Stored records
╭──

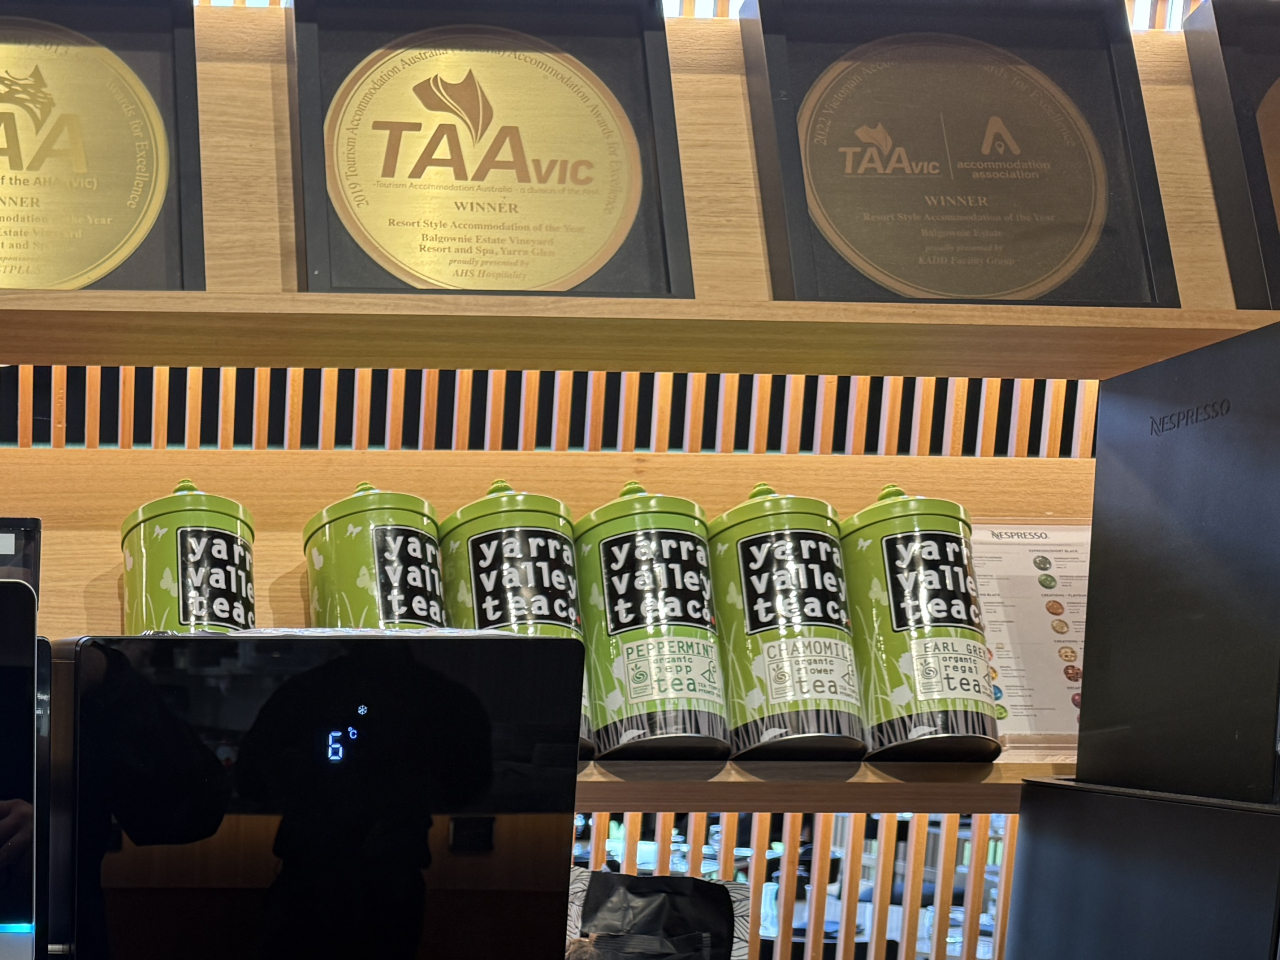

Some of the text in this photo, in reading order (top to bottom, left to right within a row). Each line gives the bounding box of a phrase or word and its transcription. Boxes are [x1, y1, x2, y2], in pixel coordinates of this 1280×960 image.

[507, 50, 591, 106] Accommodation
[345, 65, 402, 137] Accommodation
[129, 119, 144, 138] for
[586, 104, 616, 141] Awards
[813, 116, 832, 146] 2022
[343, 136, 359, 182] Tourism
[956, 160, 1051, 170] accommodation
[9, 174, 30, 187] the
[33, 176, 63, 187] AHA
[66, 177, 98, 191] (VIC)
[126, 141, 150, 209] Excellence
[971, 169, 1040, 179] association
[348, 181, 370, 210] 2019
[375, 180, 407, 191] Tourism
[408, 182, 475, 193] Accommodation
[476, 184, 513, 194] Australia
[454, 201, 519, 214] WINNER
[923, 195, 989, 207] WINNER
[86, 215, 113, 226] Year
[388, 218, 420, 229] Resort
[422, 219, 448, 230] Style
[450, 220, 530, 232] Accommodation
[532, 223, 544, 232] of
[545, 223, 561, 233] the
[8, 240, 29, 250] and
[419, 243, 452, 254] Resort
[454, 244, 473, 254] and
[421, 233, 554, 247] Balgownie Estate Vineyard
[1149, 399, 1231, 438] NESPRESSO
[988, 530, 1051, 541] NESPRESSO
[479, 537, 575, 568] yarra
[610, 538, 708, 571] yarra
[748, 539, 842, 571] yarra
[479, 561, 577, 600] valley
[610, 563, 711, 601] valley
[749, 563, 847, 602] valley
[625, 640, 715, 660] PEPPERMINT
[923, 641, 959, 654] EARL
[652, 656, 693, 665] organic
[794, 658, 835, 666] organic
[942, 656, 978, 665] organic
[795, 667, 835, 675] flower
[943, 664, 979, 675] regal
[653, 677, 697, 693] tea
[795, 677, 838, 695] tea
[943, 673, 982, 695] tea
[328, 731, 343, 761] 6
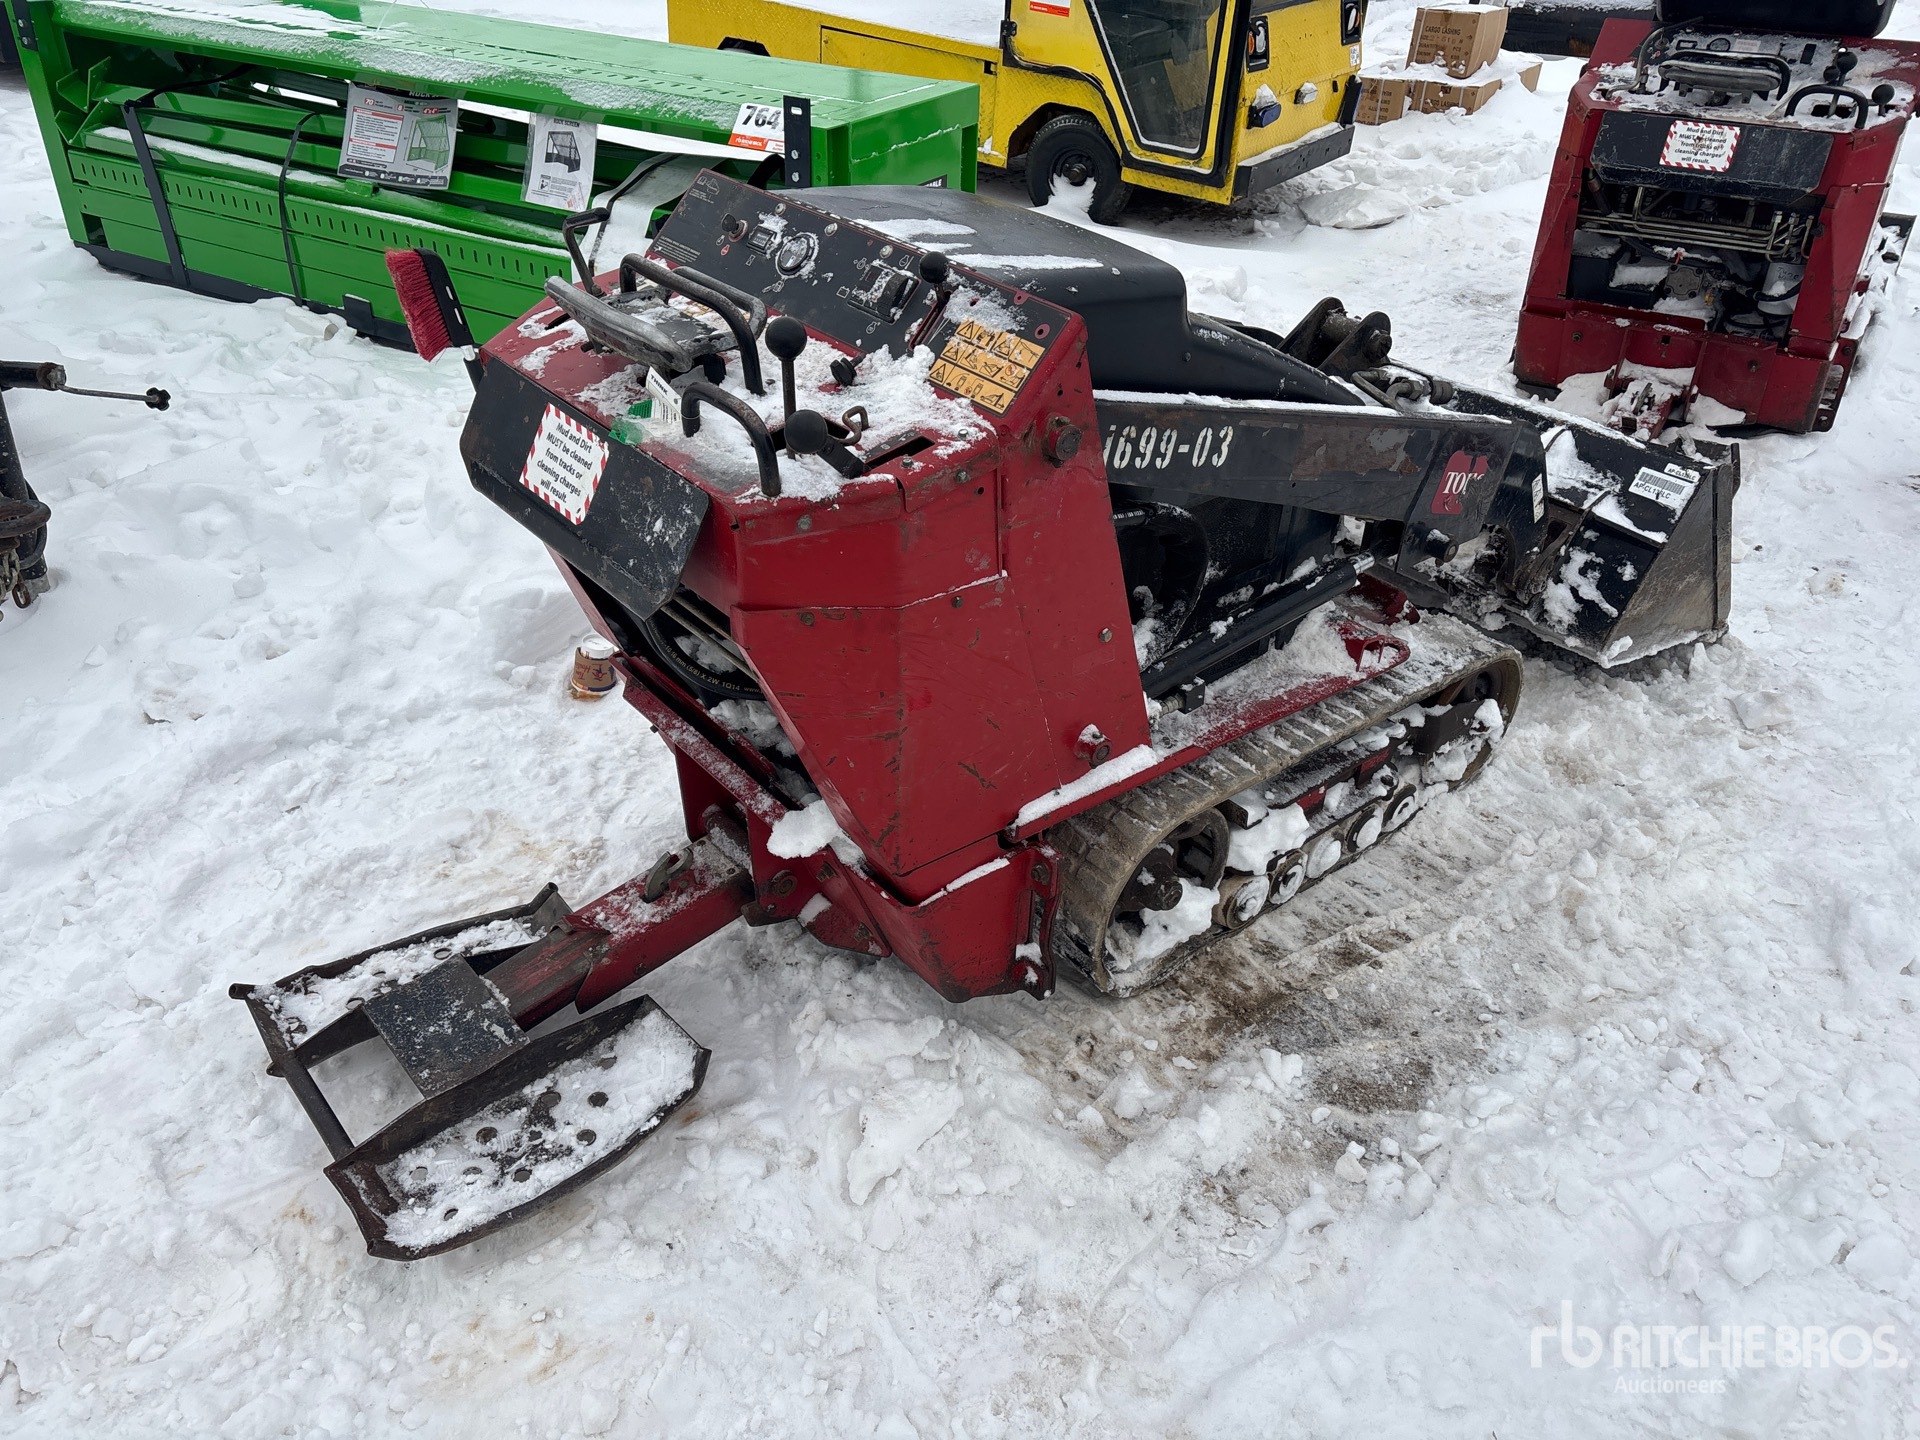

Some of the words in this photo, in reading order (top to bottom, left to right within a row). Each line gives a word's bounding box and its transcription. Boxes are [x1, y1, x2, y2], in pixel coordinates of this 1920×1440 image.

[1441, 27, 1461, 35] LASHING
[742, 105, 781, 129] 764
[651, 374, 668, 395] THINK
[546, 432, 562, 449] MUST
[561, 442, 570, 453] be
[569, 446, 593, 471] cleaned
[556, 422, 569, 437] Mud
[568, 430, 581, 444] and
[580, 438, 593, 454] Dirt
[537, 460, 560, 482] cleaning
[559, 474, 581, 497] charges
[545, 448, 559, 463] from
[559, 457, 576, 475] tracks
[575, 470, 583, 480] or
[540, 477, 550, 490] will
[549, 486, 567, 504] result.
[1442, 472, 1485, 495] TOR
[676, 657, 687, 667] mm
[686, 663, 701, 677] (5/8)
[707, 677, 720, 685] 2W
[722, 681, 740, 691] 1Q14
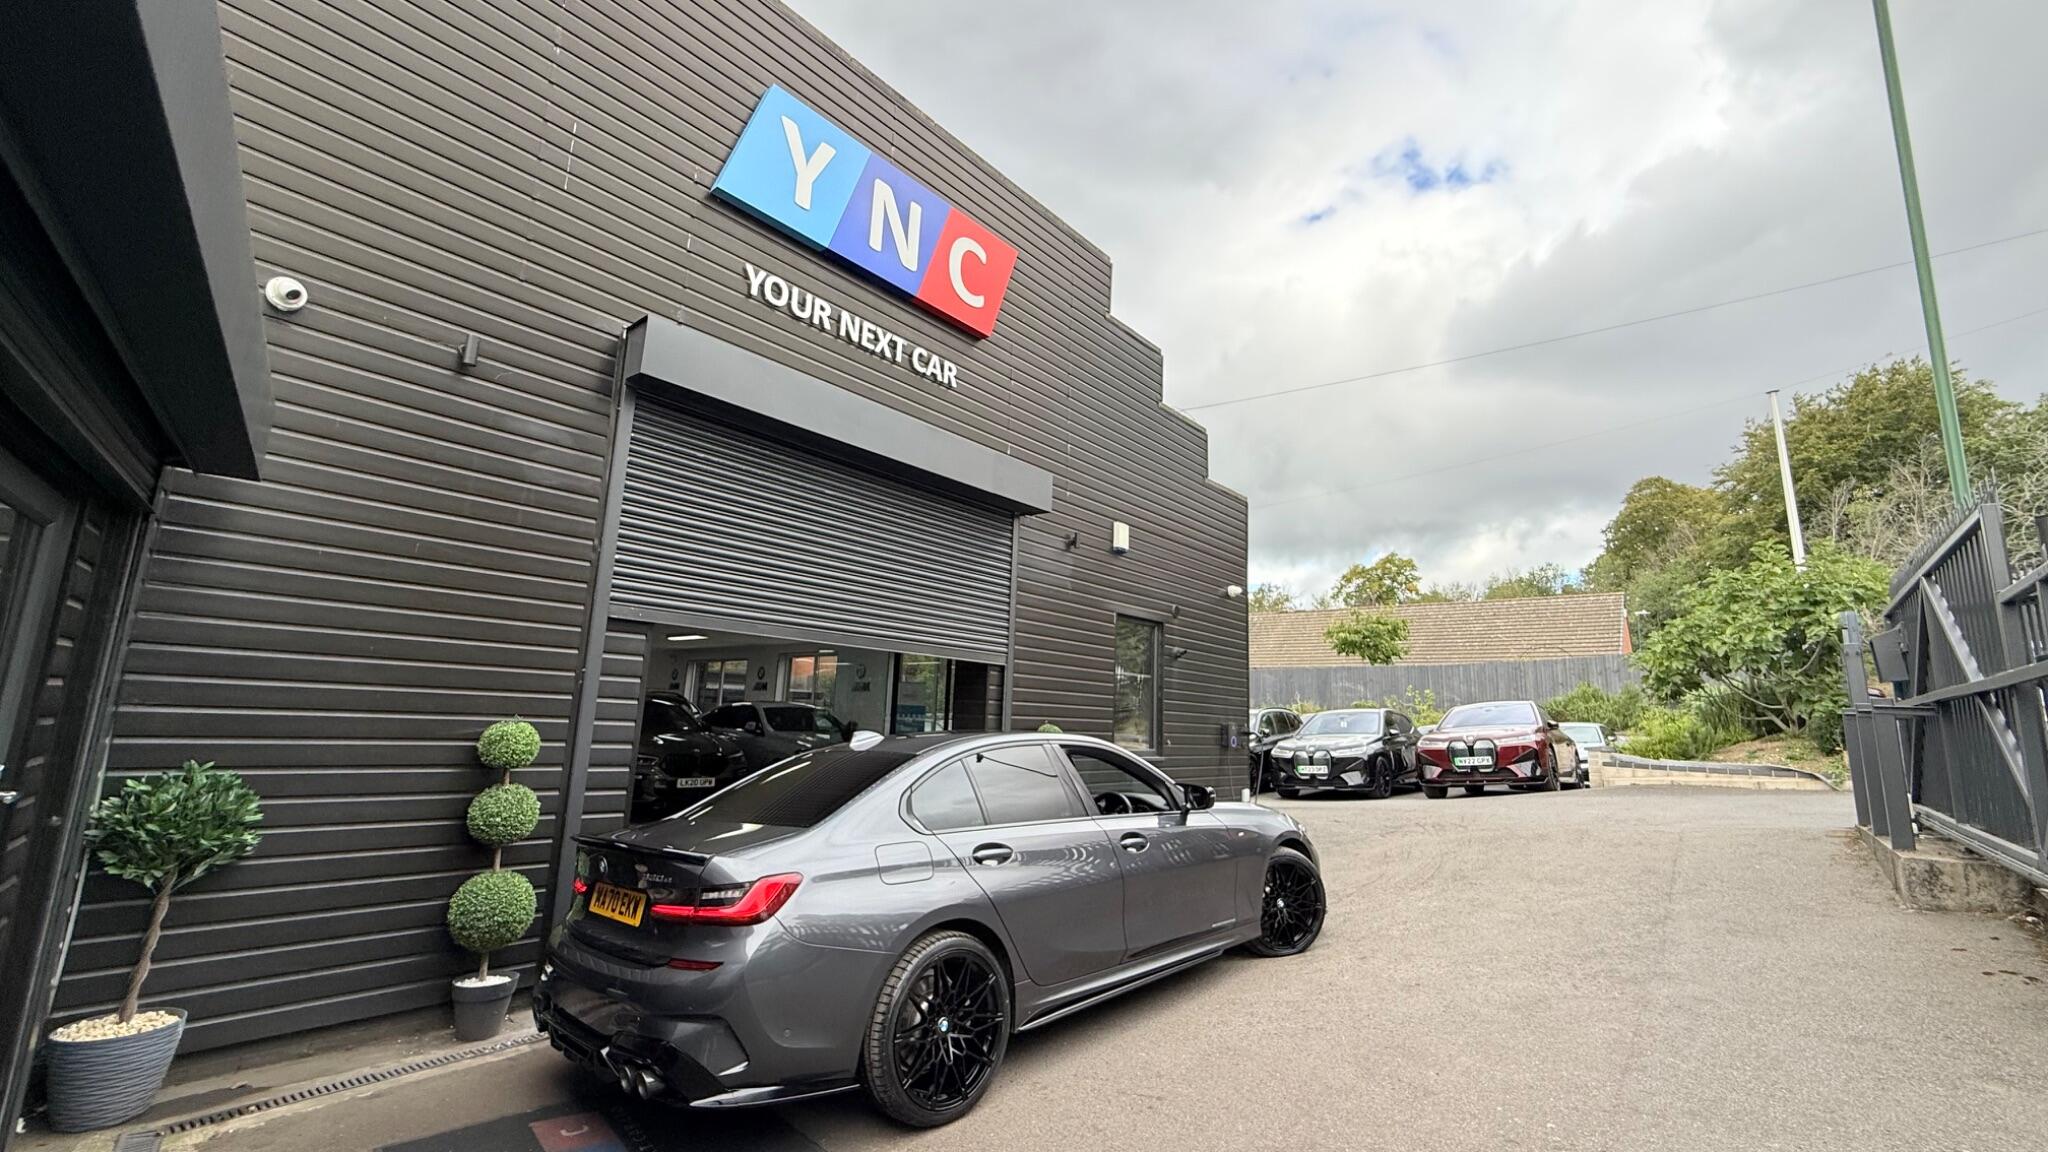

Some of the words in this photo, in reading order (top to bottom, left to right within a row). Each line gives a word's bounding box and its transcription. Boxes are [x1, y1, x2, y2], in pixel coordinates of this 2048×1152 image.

[781, 115, 987, 308] YNC
[744, 263, 832, 331] YOUR
[839, 309, 907, 363] NEXT
[911, 346, 959, 388] CAR

╰──

WHAT IS BEING ASKED
Leave out the pictures, then give all the records again exactly.

RESULT FOR THIS EXERCISE
Some of the text in this photo, in reading order (top to bottom, left to right within a row). Each line gives the bounding box of a phrase or word and its transcription. Boxes are [x1, y1, x2, y2], in pixel coordinates of this 1280×960 image.

[507, 50, 591, 106] Accommodation
[345, 65, 402, 137] Accommodation
[129, 119, 144, 138] for
[586, 104, 616, 141] Awards
[813, 116, 832, 146] 2022
[343, 136, 359, 182] Tourism
[956, 160, 1051, 170] accommodation
[9, 174, 30, 187] the
[33, 176, 63, 187] AHA
[66, 177, 98, 191] (VIC)
[126, 141, 150, 209] Excellence
[971, 169, 1040, 179] association
[348, 181, 370, 210] 2019
[375, 180, 407, 191] Tourism
[408, 182, 475, 193] Accommodation
[476, 184, 513, 194] Australia
[454, 201, 519, 214] WINNER
[923, 195, 989, 207] WINNER
[86, 215, 113, 226] Year
[388, 218, 420, 229] Resort
[422, 219, 448, 230] Style
[450, 220, 530, 232] Accommodation
[532, 223, 544, 232] of
[545, 223, 561, 233] the
[8, 240, 29, 250] and
[419, 243, 452, 254] Resort
[454, 244, 473, 254] and
[421, 233, 554, 247] Balgownie Estate Vineyard
[1149, 399, 1231, 438] NESPRESSO
[988, 530, 1051, 541] NESPRESSO
[479, 537, 575, 568] yarra
[610, 538, 708, 571] yarra
[748, 539, 842, 571] yarra
[479, 561, 577, 600] valley
[610, 563, 711, 601] valley
[749, 563, 847, 602] valley
[625, 640, 715, 660] PEPPERMINT
[923, 641, 959, 654] EARL
[652, 656, 693, 665] organic
[794, 658, 835, 666] organic
[942, 656, 978, 665] organic
[795, 667, 835, 675] flower
[943, 664, 979, 675] regal
[653, 677, 697, 693] tea
[795, 677, 838, 695] tea
[943, 673, 982, 695] tea
[328, 731, 343, 761] 6

Some of the words in this photo, in reading order (top to bottom, left to right within a row). Each line gives a word's bounding box and its transcription. Boxes are [x1, y1, x2, y2], in pixel coordinates of this 1920×1440 image.

[1441, 27, 1461, 35] LASHING
[742, 105, 781, 129] 764
[651, 374, 668, 395] THINK
[546, 432, 562, 449] MUST
[561, 442, 570, 453] be
[569, 446, 593, 471] cleaned
[556, 422, 569, 437] Mud
[568, 430, 581, 444] and
[580, 438, 593, 454] Dirt
[537, 460, 560, 482] cleaning
[559, 474, 581, 497] charges
[545, 448, 559, 463] from
[559, 457, 576, 475] tracks
[575, 470, 583, 480] or
[540, 477, 550, 490] will
[549, 486, 567, 504] result.
[1442, 472, 1485, 495] TOR
[676, 657, 687, 667] mm
[686, 663, 701, 677] (5/8)
[707, 677, 720, 685] 2W
[722, 681, 740, 691] 1Q14

Some of the words in this photo, in reading order (top to bottom, left to right within a row). Each line gives a word's bounding box and its transcription. Boxes are [x1, y1, x2, y2], in pixel coordinates of this 2048×1152 image.

[781, 115, 987, 308] YNC
[744, 263, 832, 331] YOUR
[839, 309, 907, 363] NEXT
[911, 346, 959, 388] CAR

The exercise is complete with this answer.